◆ **ASSIGNED TASK**
Leave out the pictures, and copy exactly the lines from the line with "this 1801×1351 image." through the last line of the data below.

** Opening EXTRACTED MATERIAL block **

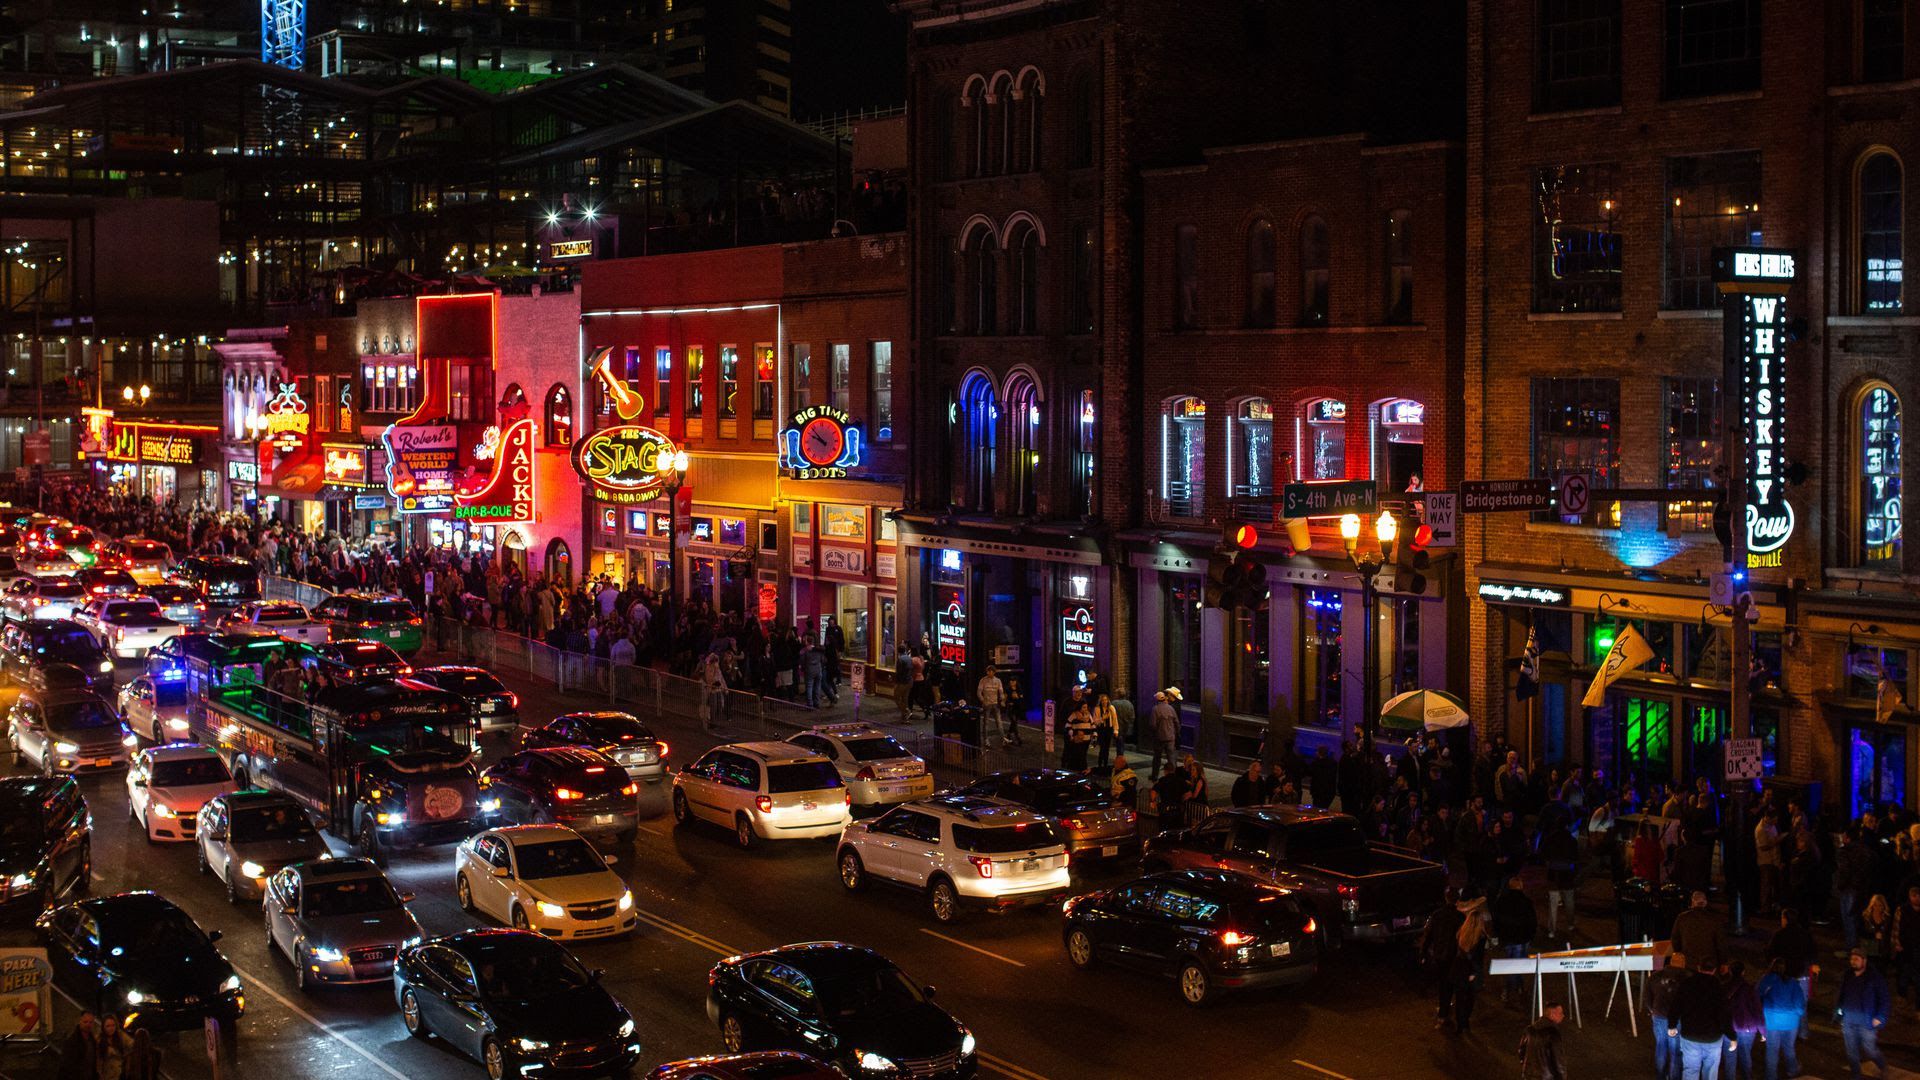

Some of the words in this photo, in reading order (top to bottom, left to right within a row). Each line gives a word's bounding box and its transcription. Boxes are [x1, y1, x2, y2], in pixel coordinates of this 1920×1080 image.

[1753, 298, 1777, 505] WHISKEY
[795, 407, 817, 425] BIG
[819, 405, 850, 424] TIME
[399, 427, 452, 451] Robert's
[620, 429, 639, 439] THE
[141, 441, 165, 457] LEGENDS
[169, 442, 190, 459] GIFTS
[402, 451, 455, 461] WESTERN
[409, 461, 448, 469] WORLD
[415, 471, 448, 480] HOME
[511, 428, 531, 520] JACKS
[800, 467, 847, 479] BOOTS
[1490, 482, 1519, 492] HONORARY
[596, 489, 608, 500] ON
[613, 488, 661, 502] BROADWAY
[1465, 493, 1533, 510] Bridgestone
[1535, 494, 1545, 505] Dr
[1431, 496, 1451, 510] ONE
[455, 505, 512, 519] BAR-B-QUE
[1430, 511, 1452, 525] WAY
[827, 560, 844, 568] BOOTS
[1747, 549, 1783, 568] ASHVILLE
[940, 624, 966, 637] BAILEY'
[1727, 760, 1741, 774] OK
[3, 956, 36, 972] PARK
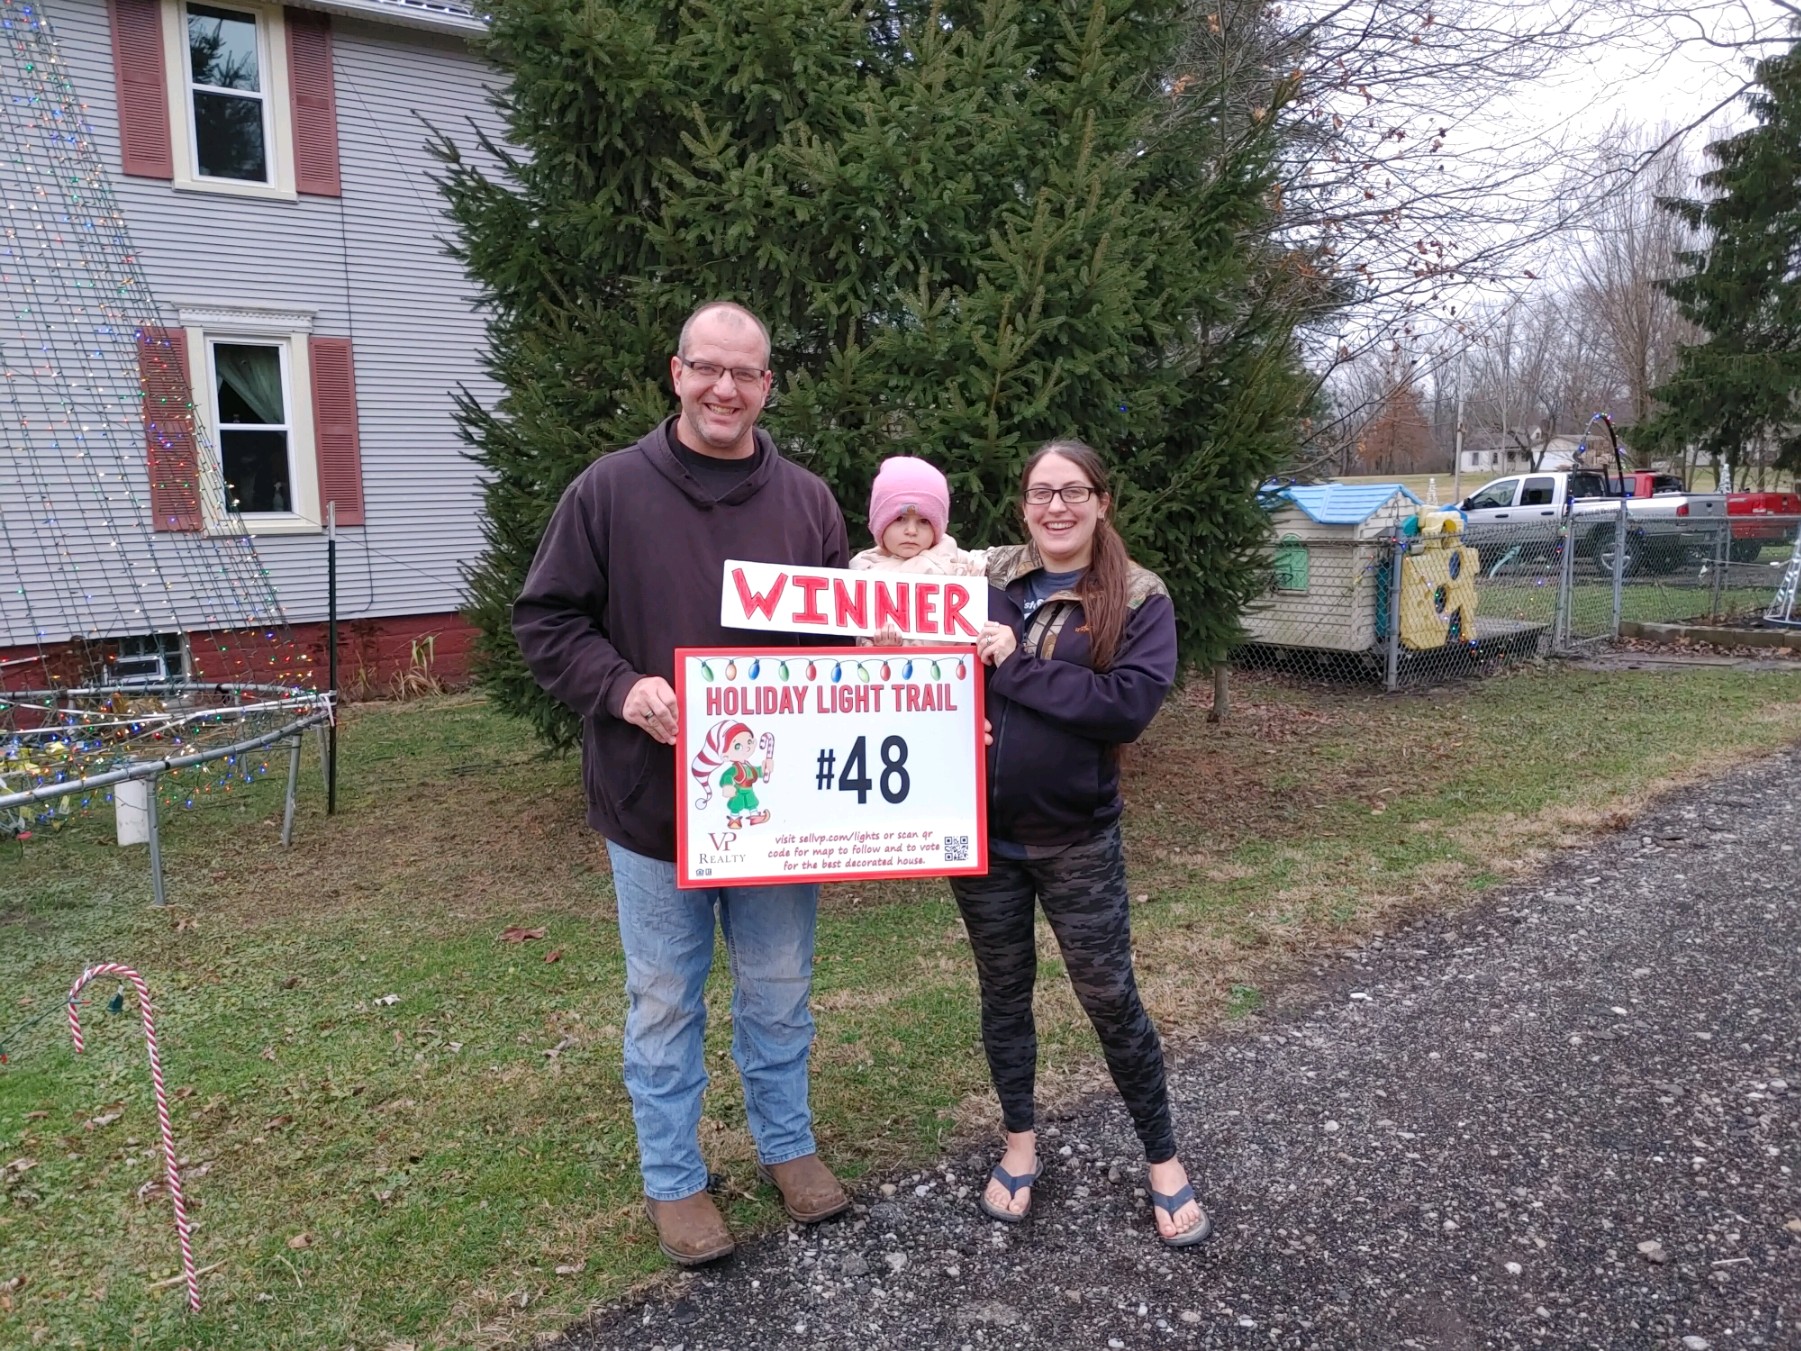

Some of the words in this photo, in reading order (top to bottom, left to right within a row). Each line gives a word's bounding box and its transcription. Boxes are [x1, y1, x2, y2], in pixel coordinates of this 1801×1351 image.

[731, 567, 979, 637] WINNER
[706, 685, 808, 715] HOLIDAY
[816, 684, 885, 714] LIGHT
[891, 683, 958, 712] TRAIL
[815, 735, 911, 804] #48
[707, 831, 737, 851] VP
[775, 834, 796, 844] visit
[799, 830, 880, 845] sellvp.com/lights
[883, 832, 895, 840] or
[897, 831, 919, 840] scan
[922, 831, 933, 841] qr
[768, 847, 790, 858] code
[794, 846, 809, 857] for
[813, 848, 834, 858] map
[838, 846, 848, 855] to
[852, 844, 881, 855] follow
[884, 843, 903, 853] and
[906, 843, 917, 852] to
[920, 843, 940, 851] vote
[783, 860, 798, 870] for
[802, 859, 817, 869] the
[822, 858, 841, 869] best
[845, 856, 893, 868] decorated
[897, 856, 925, 866] house.
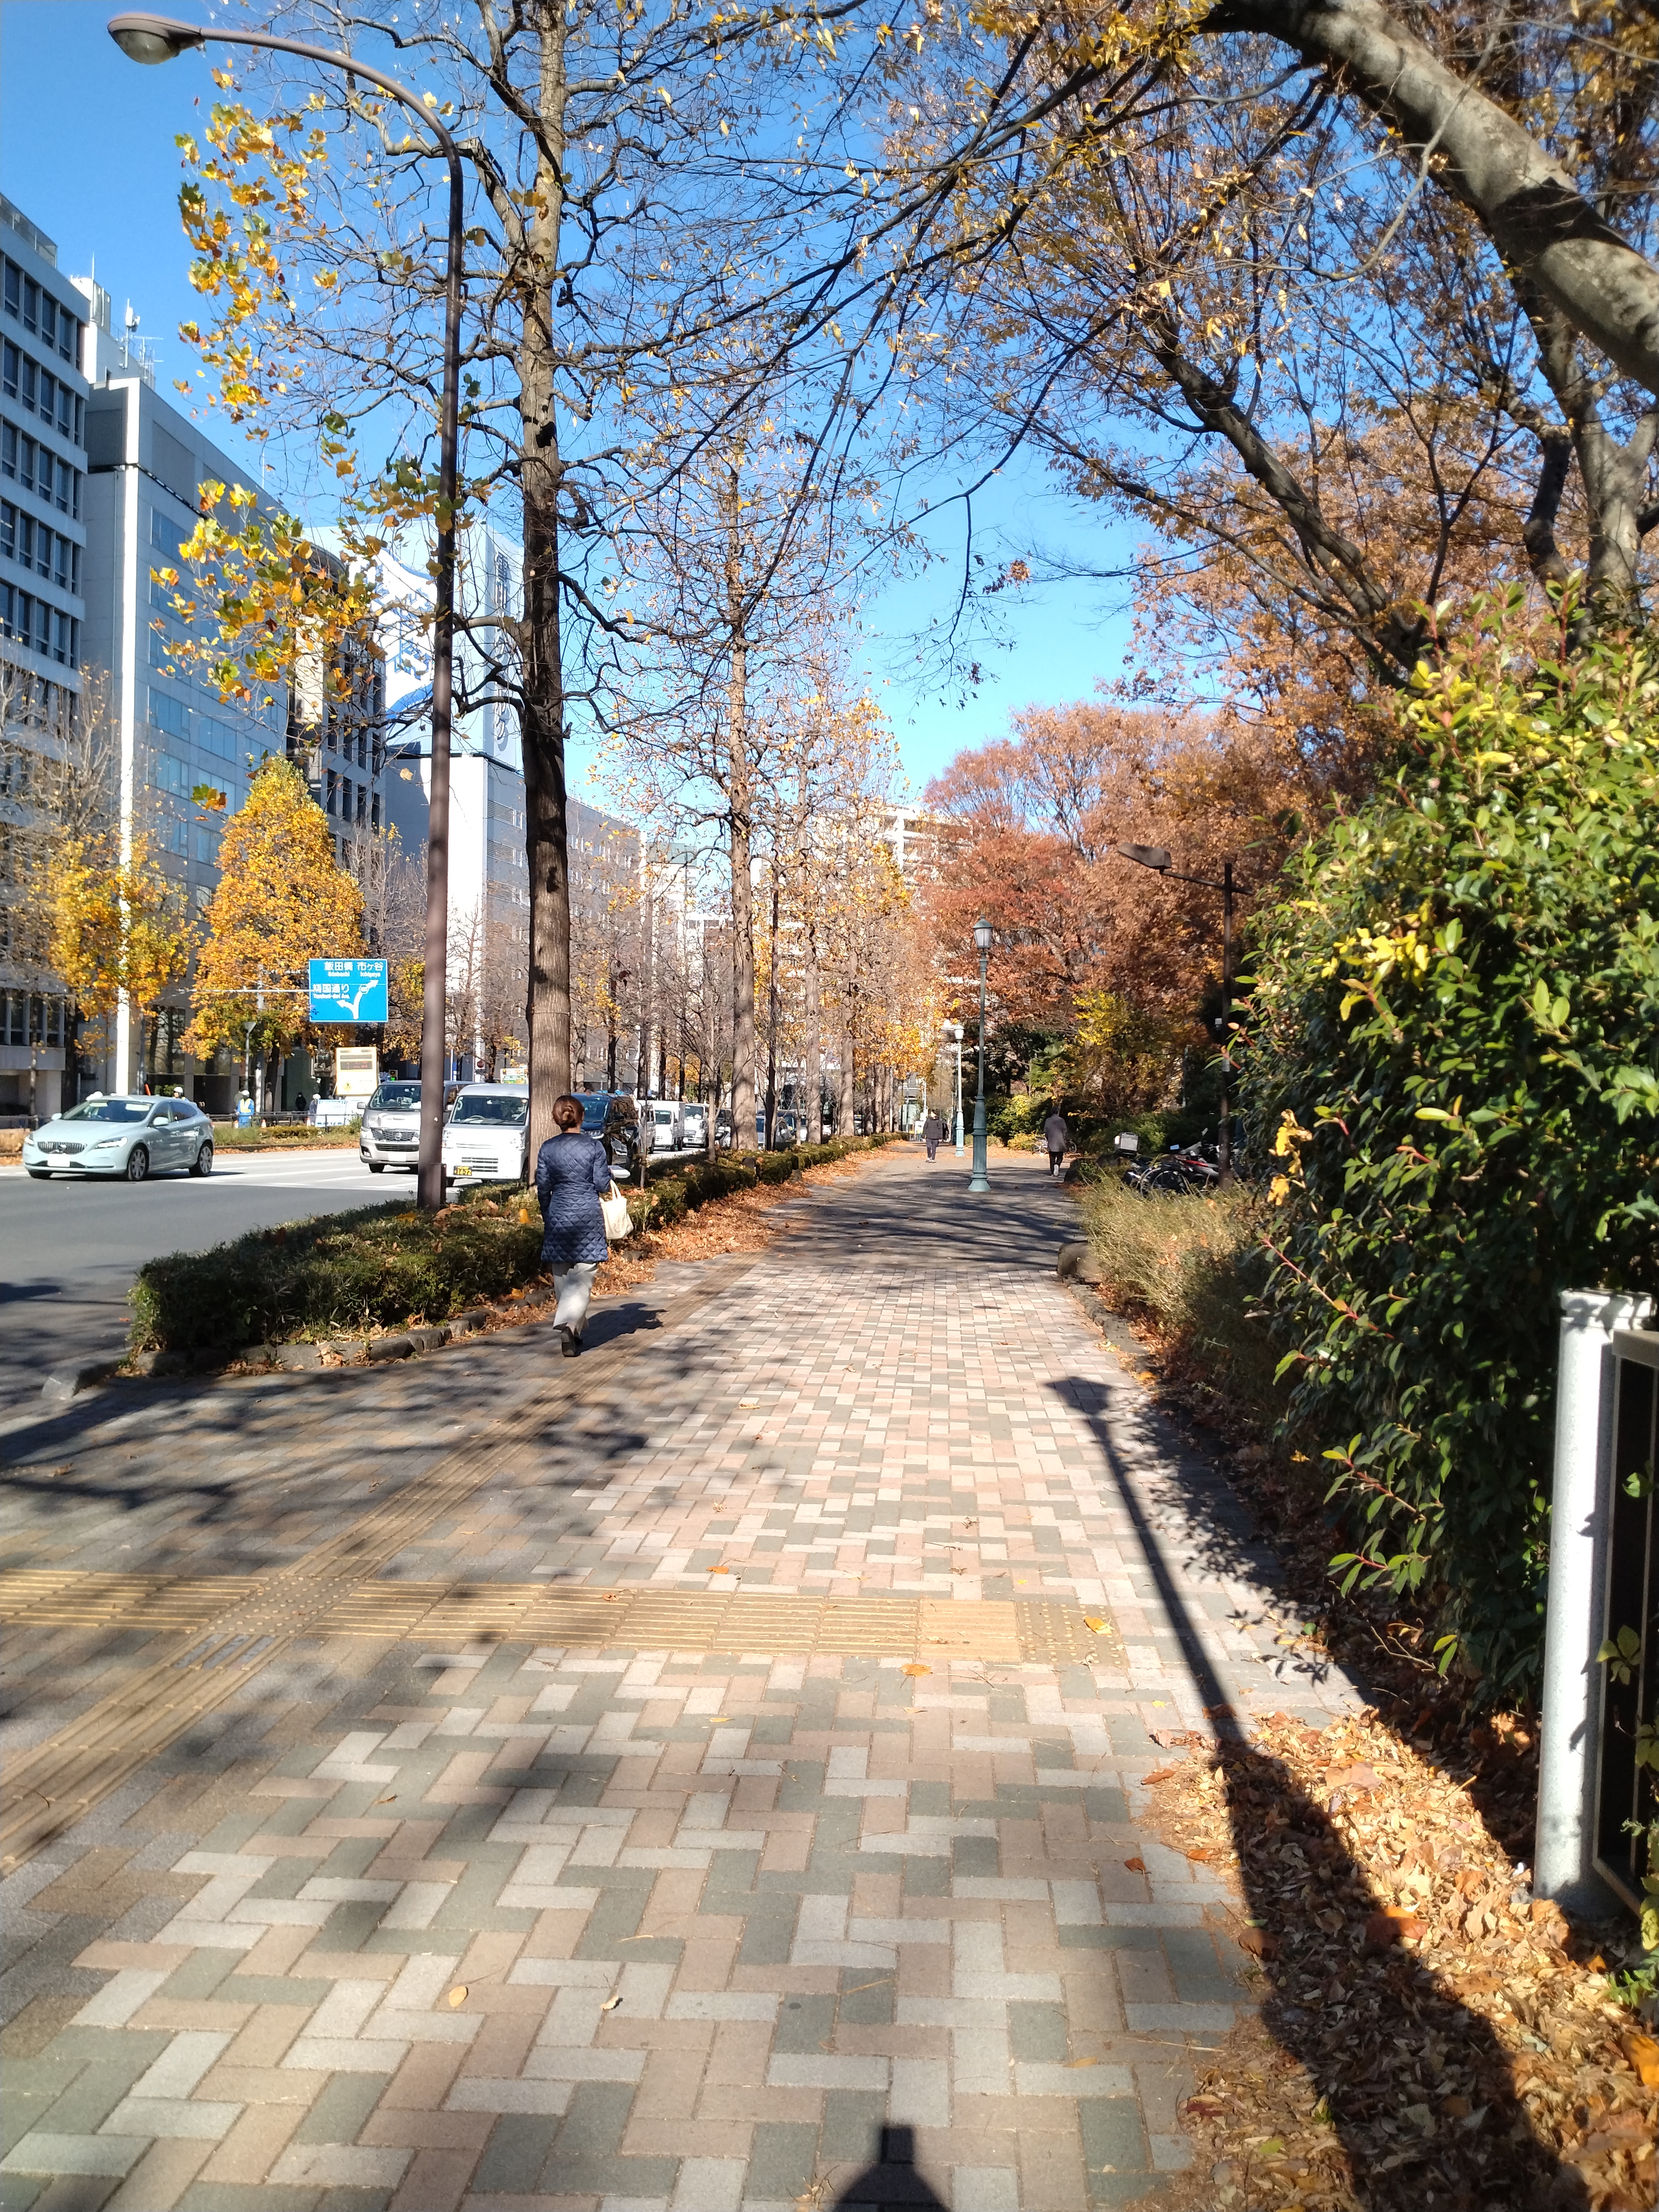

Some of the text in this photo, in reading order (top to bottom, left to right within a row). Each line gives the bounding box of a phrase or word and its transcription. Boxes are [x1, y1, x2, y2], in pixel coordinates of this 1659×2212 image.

** Closing EXTRACTED MATERIAL block **

◆ **EXERCISE SOLUTION**
Some of the words in this photo, in reading order (top to bottom, left to right within a row). Each line gives a word's bounding box and its transcription. Boxes are [x1, y1, x2, y2], in pixel coordinates of this 1801×1351 image.

[731, 567, 979, 637] WINNER
[706, 685, 808, 715] HOLIDAY
[816, 684, 885, 714] LIGHT
[891, 683, 958, 712] TRAIL
[815, 735, 911, 804] #48
[707, 831, 737, 851] VP
[775, 834, 796, 844] visit
[799, 830, 880, 845] sellvp.com/lights
[883, 832, 895, 840] or
[897, 831, 919, 840] scan
[922, 831, 933, 841] qr
[768, 847, 790, 858] code
[794, 846, 809, 857] for
[813, 848, 834, 858] map
[838, 846, 848, 855] to
[852, 844, 881, 855] follow
[884, 843, 903, 853] and
[906, 843, 917, 852] to
[920, 843, 940, 851] vote
[783, 860, 798, 870] for
[802, 859, 817, 869] the
[822, 858, 841, 869] best
[845, 856, 893, 868] decorated
[897, 856, 925, 866] house.

Some of the text in this photo, in reading order (top to bottom, left to right within a row). Each line gives the bounding box of a phrase or word and its transcription. Boxes are [x1, y1, x2, y2], in pixel coordinates of this 1659×2212 image.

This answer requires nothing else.